Every two hours the engineer made a complete tour of both floors,
logged the temperature of bearings and contact of brushes on all rotating
equipment and a reading of all meters including those from Southern California Edison. A second man watched over the first floor full of duplicate pumps, 200
Amp. DC Filament generators, 1,000 Volt bias machines and the 510 hp, 50 to 60
cycle frequency changer. The second
engineer stood by for breaks and meals. (There was a small kitchen and machine shop adjacent to the
transmitter room.)
The transmitter engineer was alert for changes in
sound, power surges, arc-overs, the odor of overheated windings and failing
parts. He was ready to extinguish a
sustained arc by opening the high voltage switch. (A small animal, dirt, movement of parts or wiring and strong
surges of power can cause an arc-over. ) When conditions are right, the arc will continue to burn until power is
removed. The heat of the arc can
change some insulators into carbonized conductors.
The operator may hear the arc roar and see the flash
but not know where it was. A bad
burn might take us off the air until repaired.
On occasion, it was necessary for someone to observe
the arc-over from the inside of the transmitter. This happened to me!
I am inside
the transmitter, sitting cross-legged on the floor, both hands are in my
lap, positioned out of high voltage reach. The other engineer calls, ”Are you ready?”

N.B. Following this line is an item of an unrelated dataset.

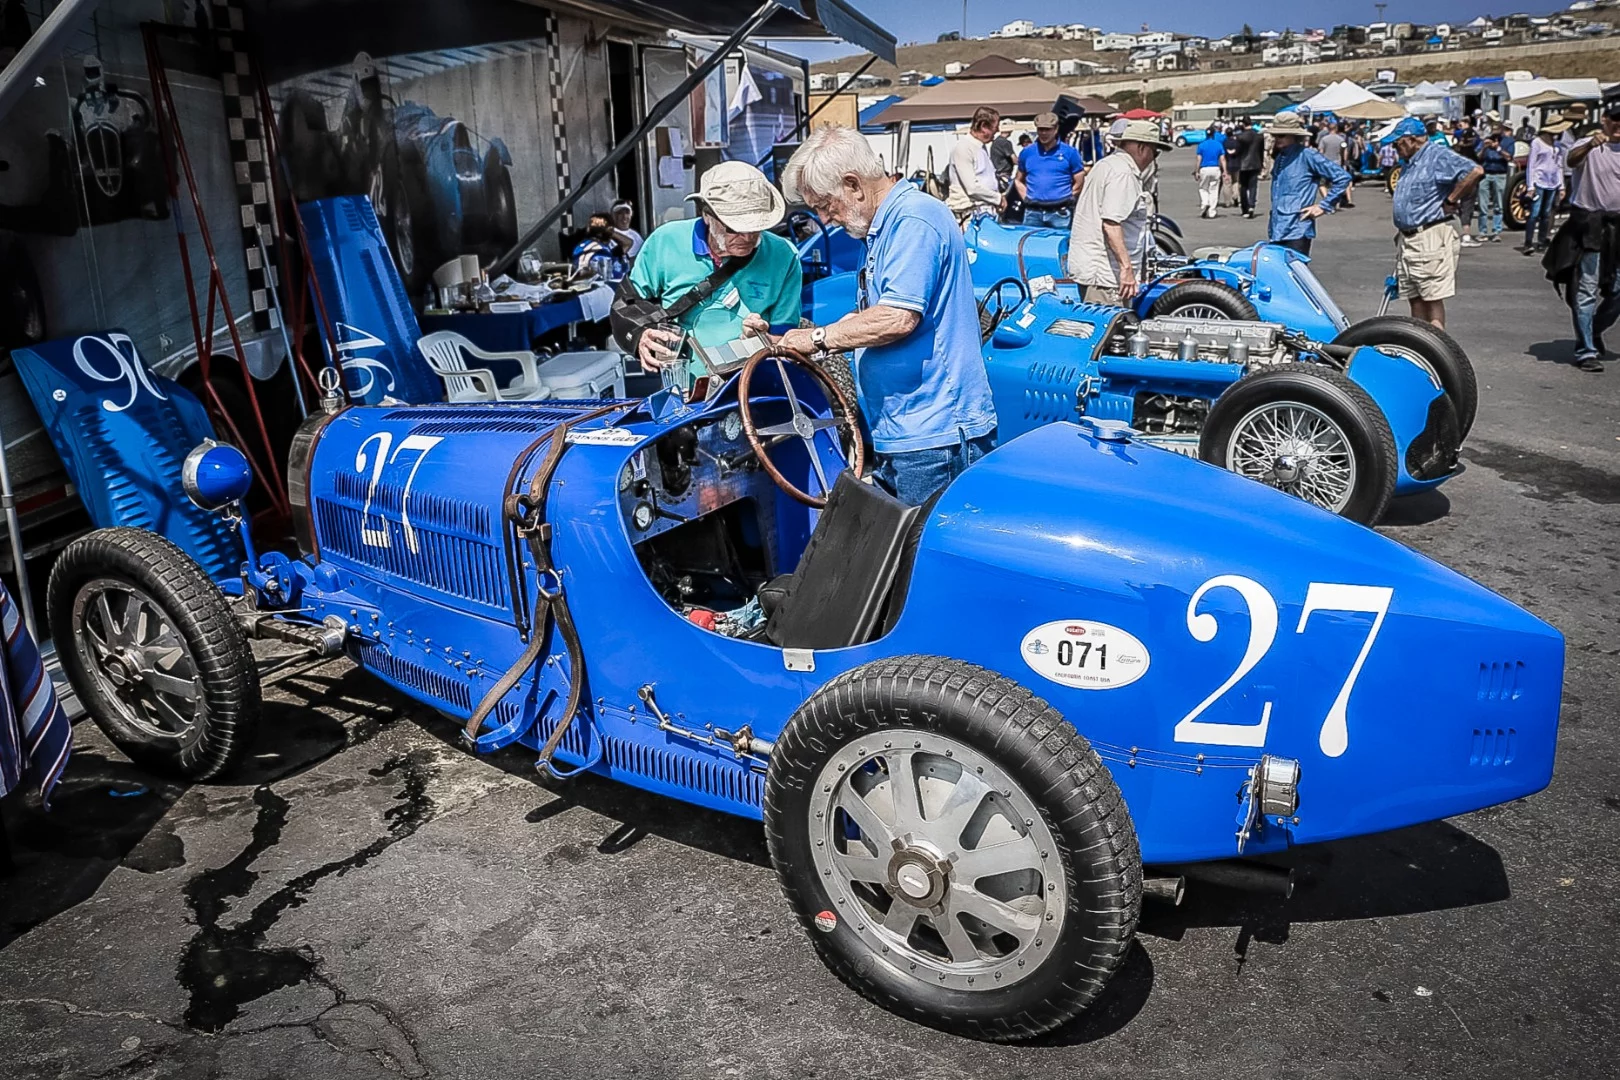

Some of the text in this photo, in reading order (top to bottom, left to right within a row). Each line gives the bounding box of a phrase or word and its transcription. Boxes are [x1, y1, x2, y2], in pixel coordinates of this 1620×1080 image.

The doors are closed and full power turned on. I remain motionless in the dark, watching for the arc hidden in
the transmitter’s insides.
My head has a short dialogue with my body. My body says, “Get out of
here!” this no place to be. My head says,” Don’t
panic, you are safe where you are. Don’t
stumble into trouble” The big switch slams shut, I see the arc!It is between the open plates of the large,
(four foot) air dielectric, condenser. Immediately the engineer pulls the high voltage
switch. The arc is dead. Its roar is still in my ears. The door swings open; I can breathe easier now,
and step outside, just
because I can!
During maintenance, when KFI was off the air,
engineers searched for these burned areas, tightened connections, cleaned,
polished insulators, changed filters, tested and installed tubes, repaired
contacts on the large oil filled switches. The more interruptions during the week, the more the contacts were
damaged.
Note: To
this date, no KFI transmitter engineer has had a serious work related injury.
We trusted each other with our lives. These men were my friends.
-30-
The tuning house phone rings again. Riggers have arrived to re-lamp the tower
lights. They have requested that I remain at the tower base.
KFI employees are forbidden to climb the tower. The riggers are insured and trained to do work on the
tower. Two men appear out of the dark as they reach the light spilling out the
open door of the tuning house. The
older man explains that the tower is wet and they want someone to stay on the
ground. “To
receive us if we fallThey
said, no one would know. I could
watch for them and call the transmitter.
I was told that they didn’t hang on with a grip!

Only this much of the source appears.